Rwanda, Bosnie, Irak, Algérie, Vietnam, Liban… partout, des hommes reviennent brisés. Depuis ce jour où ils ont rencontré leur mort, dans la bouche d’un fusil, le regard d’un ennemi ou les yeux d’un ami. « Pas plus que le soleil, la mort ne peut se regarder en face » disaient les Anciens. À Bagdad, mon hôtel a reçu un obus. J’ai vu un confrère couché sur la moquette. À la place du ventre, il y avait une tache blanche et nacrée. Ce jour-là, j’ai commencé mon enquête. Elle m’a mené dans plusieurs pays. J’ai interrogé les combattants et les psychiatres, fouillé les livres, la peinture et les films, l’ethnologie et la mythologie.

Une chose est sûre : si on n’affronte pas la douleur de la guerre, elle nous tue. Il faut fouiller en nous-mêmes et se reconstruire pour trouver la guérison. Oui, on peut mourir, survivre et revivre. Et ce mal ne nous parle que de vie et d’humanité. Ceci est ma plus grande enquête. «  »

VOIR LE FILM

Le premier documentaire réalisé sur le PTSD (Traumatismes psychiques de la guerre »)
Le film :  » SANS BLESSURES APPARENTES »
Enfin disponible. Voir le documentaire en intégralité tel que diffusé par Infrarouge..

 

DANS LA PRESSE:

Lire la critique dans le Nouvel-Observateur

Lire la critique dans Marianne, en cliquant sur l’icône ci-dessous: Marianne.pdf

– Lire l’article dans le Quotidien « La libre Belgique »
->http://www.lalibre.be/actu/monde/article/459738/il-faut-soigner-les-cancers-de-l-ame.html]
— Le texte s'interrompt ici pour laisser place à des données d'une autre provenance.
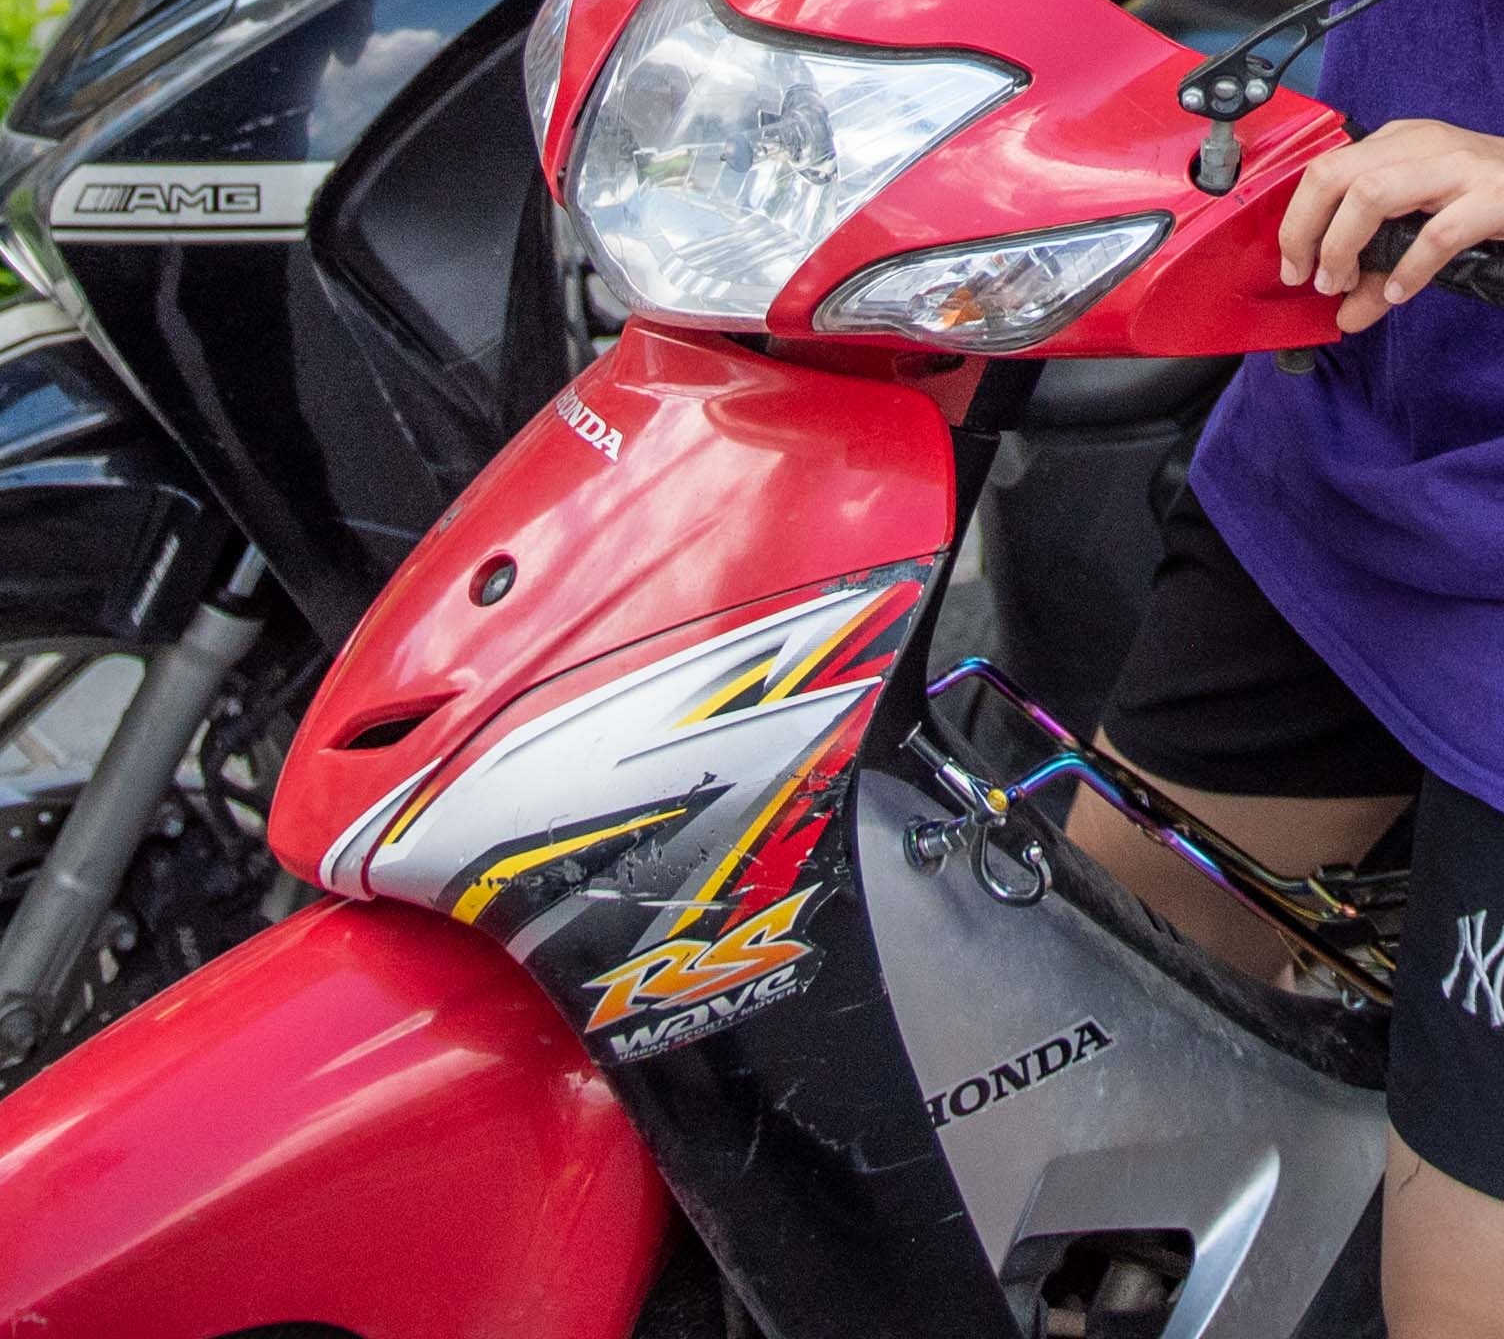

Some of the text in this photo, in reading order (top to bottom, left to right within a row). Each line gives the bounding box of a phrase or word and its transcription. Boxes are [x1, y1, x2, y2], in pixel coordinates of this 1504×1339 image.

[125, 183, 261, 214] AMG
[556, 387, 624, 462] HONDA
[581, 881, 824, 1034] RS
[618, 1039, 671, 1062] URBAN
[674, 1011, 736, 1043] SPORTY
Ecouter un entretien avec Jean-Paul Mari dans l’émission « Médialogues » en cliquant sur l’icone ci-dessous:20081013-reporter-de-guerre.mp3

L’auteur au Salon du livre du Prix Bayeux

Forum OBS.COM réalisé le 17 octobre 2008 avec les internautes du Nouvel-Observateur

Thème du forum :
Les traumatismes psychiques de la guerre.
Avec Jean-Paul Mari, grand reporter au Nouvel Observateur, auteur de « Sans blessures apparentes. Enquête chez les damnés de la guerre » (éd. Robert Laffont, octobre 2008)

Question de : Elsa

Bonjour Jean-Paul Mari. Le Centre Primo Levi s´occupe des victimes de tortures, prend en charge les blessures physiques et psychiques des torturés. Amnesty International soutient la démarche du Centre Primo Levi. Existe-t-il des associations qui aident les militaires blessés psychiquement par les guerres ?
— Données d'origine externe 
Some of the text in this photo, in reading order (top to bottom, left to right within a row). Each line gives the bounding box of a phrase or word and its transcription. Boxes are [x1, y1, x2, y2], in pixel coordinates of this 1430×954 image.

Réponse : Il existe des associations qui aident les militaires, bien sûr, mais beaucoup moins sur le problème précis des blessures psychiques. A noter « Traumapsy » très active sur le sujet. L´essentiel du travail thérapeutique et des publications sur le thème sont l´œuvre des psychiatres militaires français. Mais le constat est que ce Mal est largement sous-traité, sous-estimé, méconnu pour ne pas dire tabou.

Question de : David Chiron Nice
Sur quels conflits se base votre expérience ?
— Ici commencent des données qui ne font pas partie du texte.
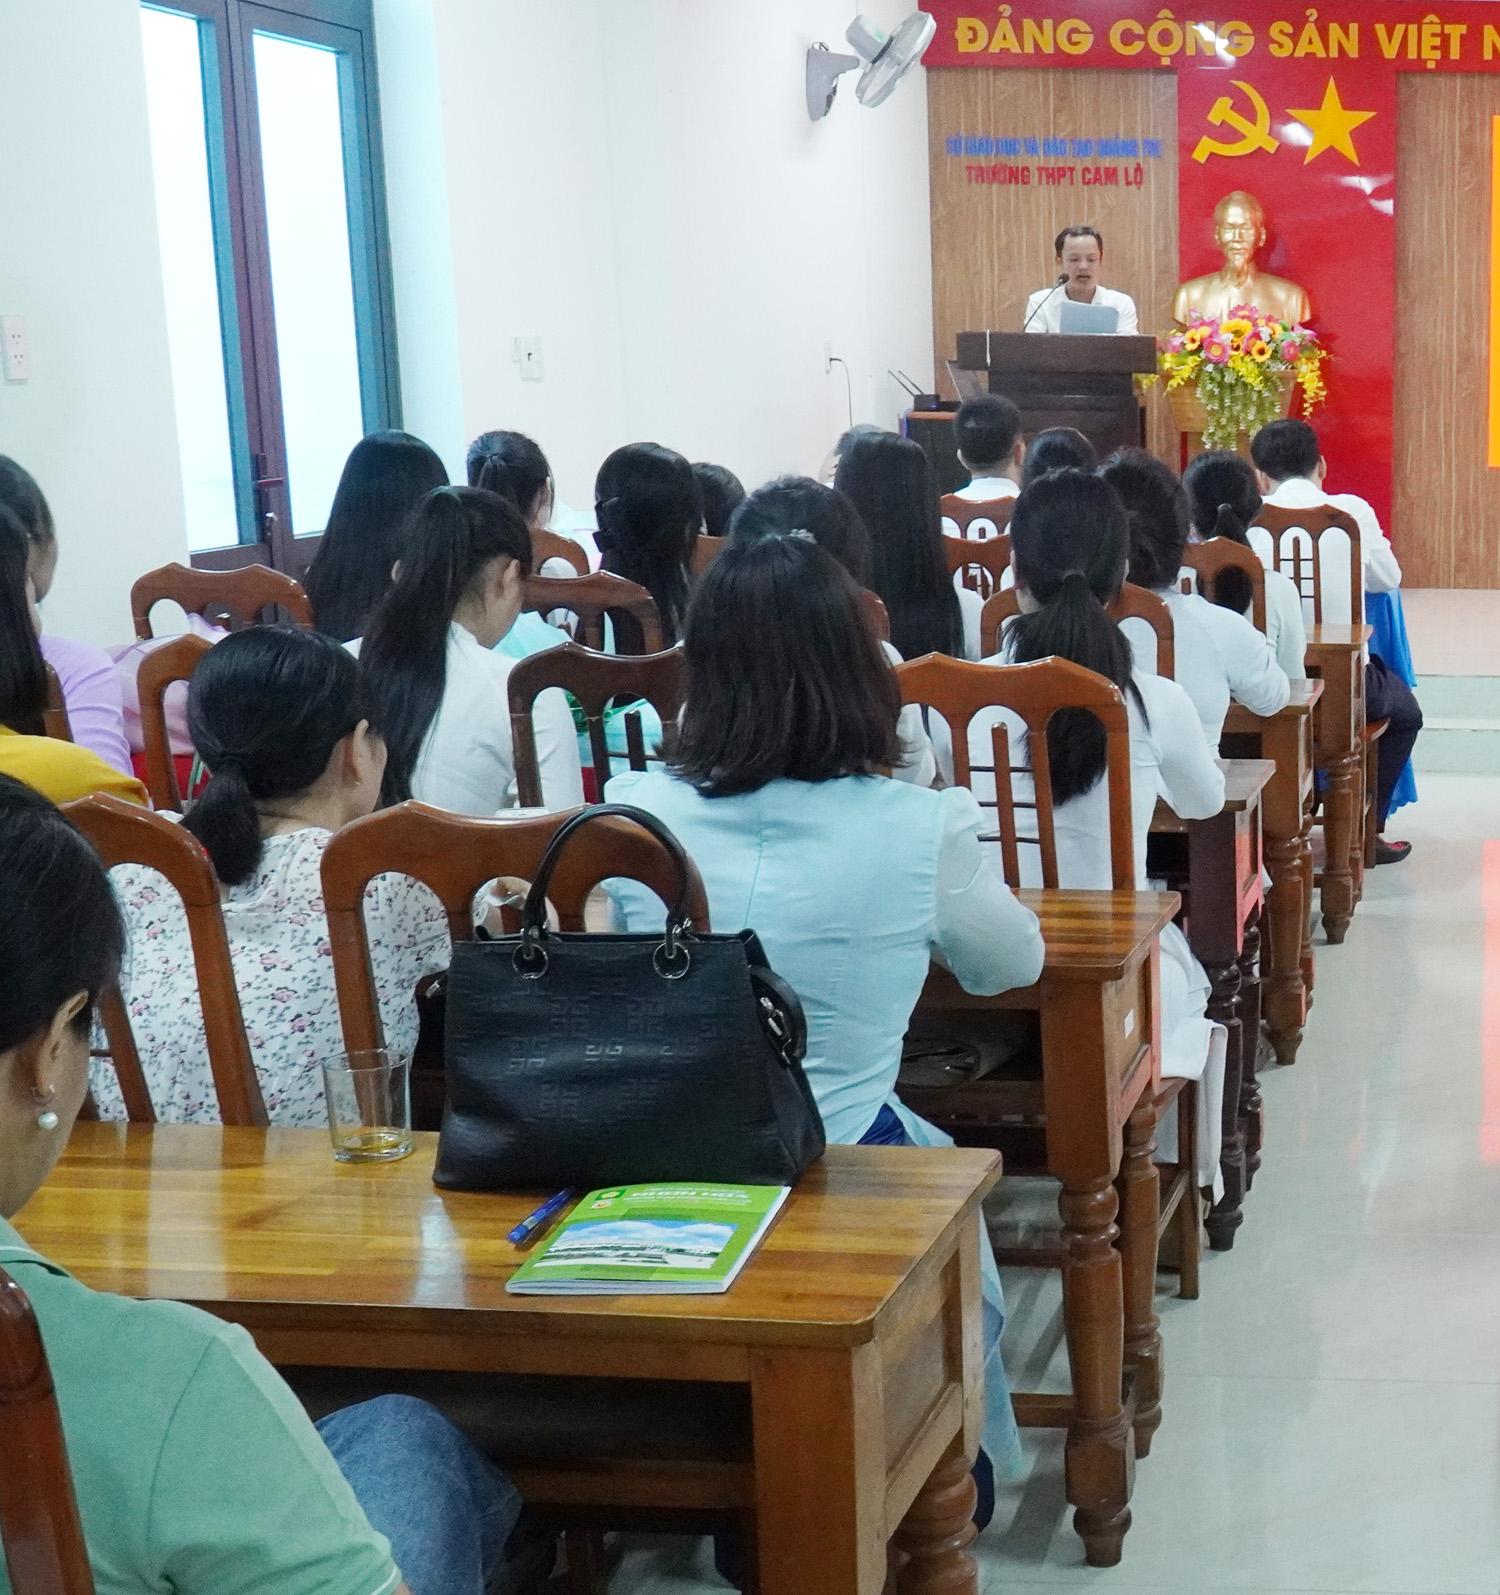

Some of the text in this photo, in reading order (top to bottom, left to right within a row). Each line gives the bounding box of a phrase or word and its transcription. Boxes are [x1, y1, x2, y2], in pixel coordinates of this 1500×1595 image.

[955, 5, 1094, 54] ĐẢNG
[1109, 9, 1256, 65] CỘNG
[1268, 8, 1360, 58] SẢN
[1375, 14, 1467, 68] VIỆT
[965, 161, 1032, 185] TRƯỜNG
[1035, 165, 1077, 186] THPT
[1080, 165, 1119, 187] CAM
Réponse : Les conflits que j´ai connus depuis 1980: Liban, Israel-Palestine, Algérie, Guerre Iran-Irak, 1ere guerre du Golfe, guerre d´Irak, Rwanda, Bosnie, Kosovo, Afghanistan, Erythrée, Sri-Lanka, Tchad, Sierra Leone, Liberia, Zaire-Congo, Nouvelle-Calédonie pour l´essentiel.

Question de : Internaute
Pensez-vous que les victimes ne se comptent qu´en nombre de morts et de blessés? Ou encore comment estimer les impacts laissés par la guerre sur les survivants?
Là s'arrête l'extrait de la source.